Women, men, robots, and companies will be able to trade value, information, and collaborate with worldwide counterparties they don't know or expressly trust without the need for an intermediary using Web 3.0. The most significant change allowed by Web3.0 is the reduction of the level of trust necessary for global coordination. This represents a shift toward intuitively trusting all network constituents rather than expressly trusting each member and/or attempting to gain trust extrinsically.

Why Web 3.0 Matters

Web 3.0 will radically extend the scale and scope of both human and machine interactions well beyond anything we can now envision. These interactions will be feasible with a far wider spectrum of potential counterparties, ranging from frictionless payments to richer information flows to trustworthy data transfers. Web 3.0 will allow us to engage with any person or computer on the planet without having to pay a charge to a middleman. From global co-operatives to decentralized autonomous organizations and self-sovereign data marketplaces, this change will open up a whole new world of previously inconceivable enterprises and business models.

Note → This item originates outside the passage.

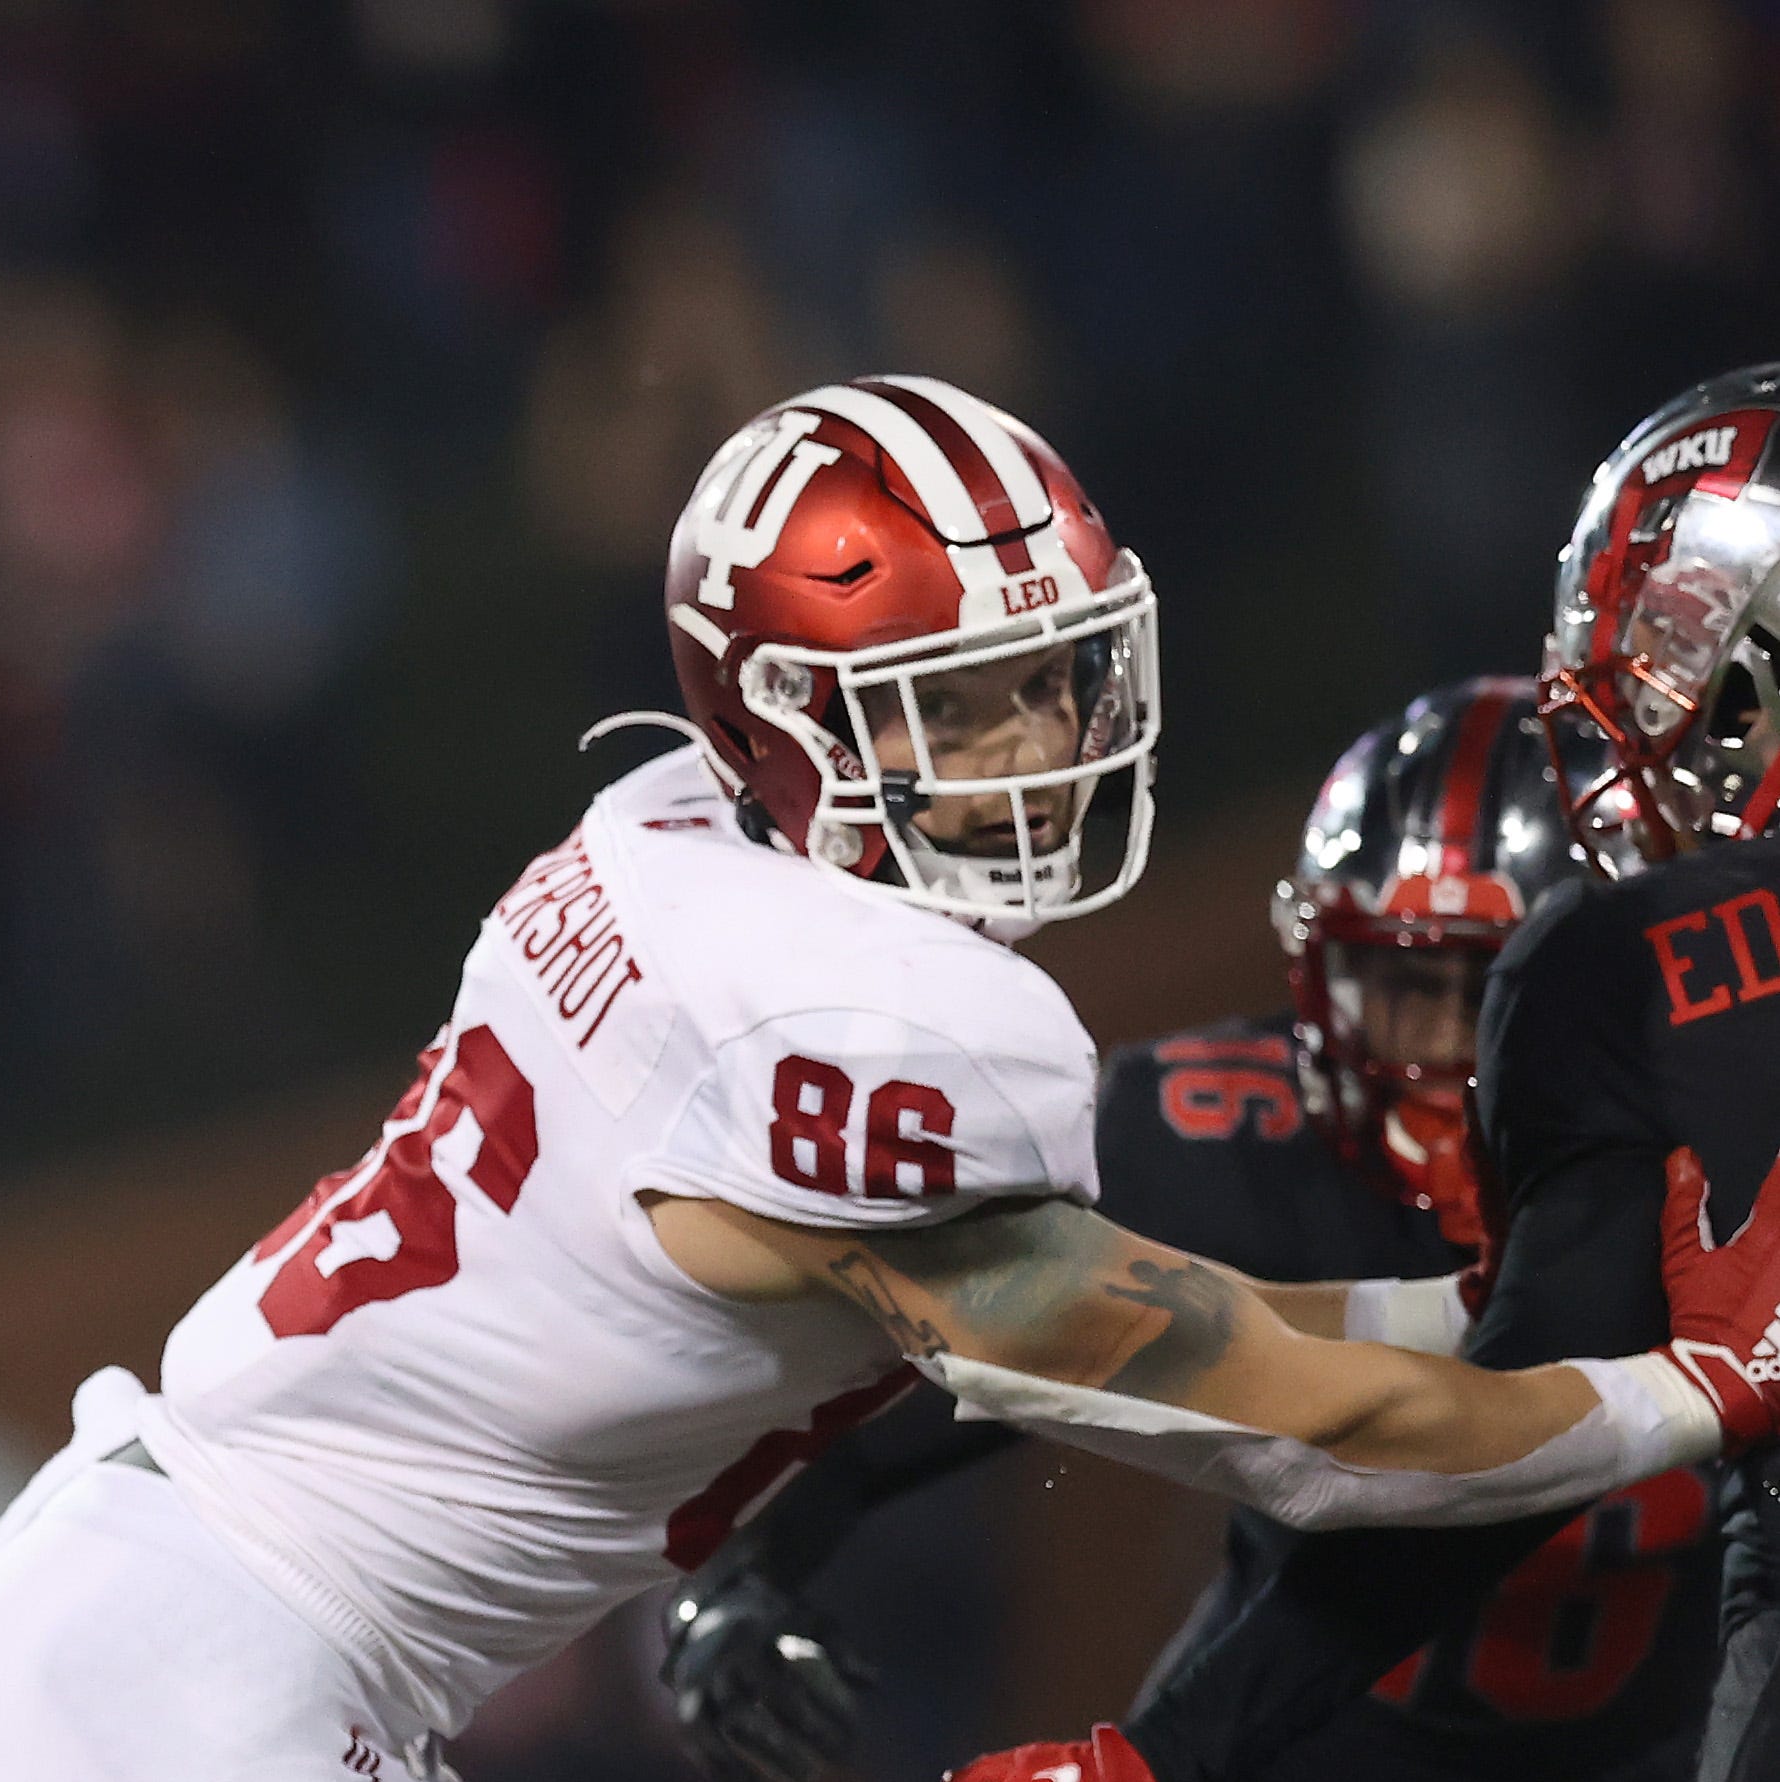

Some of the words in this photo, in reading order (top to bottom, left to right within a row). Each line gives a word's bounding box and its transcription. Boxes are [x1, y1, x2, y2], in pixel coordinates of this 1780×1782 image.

This is significant because: 

  • Societies may become more efficient by disintermediating industries, eliminating rent-seeking third parties, and transferring value directly to network users and providers.
  • Organizations can become more adaptive to change as a result of their new mesh of more adaptable peer-to-peer communication and governance links amongst members.
  • Humans, businesses, and robots may share more data while maintaining more privacy and security.
  • We can practically eliminate the platform reliance concerns that we see now in order to future-proof entrepreneurial and investment operations.
  • We may own our own data and digital footprints by using digital scarcity and tokenized digital assets.
  • Network members can collaborate to address previously intractable or ‘thinly distributed' issues through ‘modern mutual' ownership and control of these new decentralized systems of intelligence, as well as sophisticated & dynamic economic incentives.
The upcoming wave of Web 3.0 extends well beyond the original use case of cryptocurrency. Web 3.0 will cryptographically connect data from individuals, businesses, and machines with fast machine learning algorithms, resulting in the development of fundamentally new marketplaces and related business models. The result is something akin to a “return to the global village” — daily immersion in the human-centric & highly personalized interactions from which we used to benefit, but now delivered at the global scale of the internet and supporting an ever-increasing myriad of human and machine skill specializations.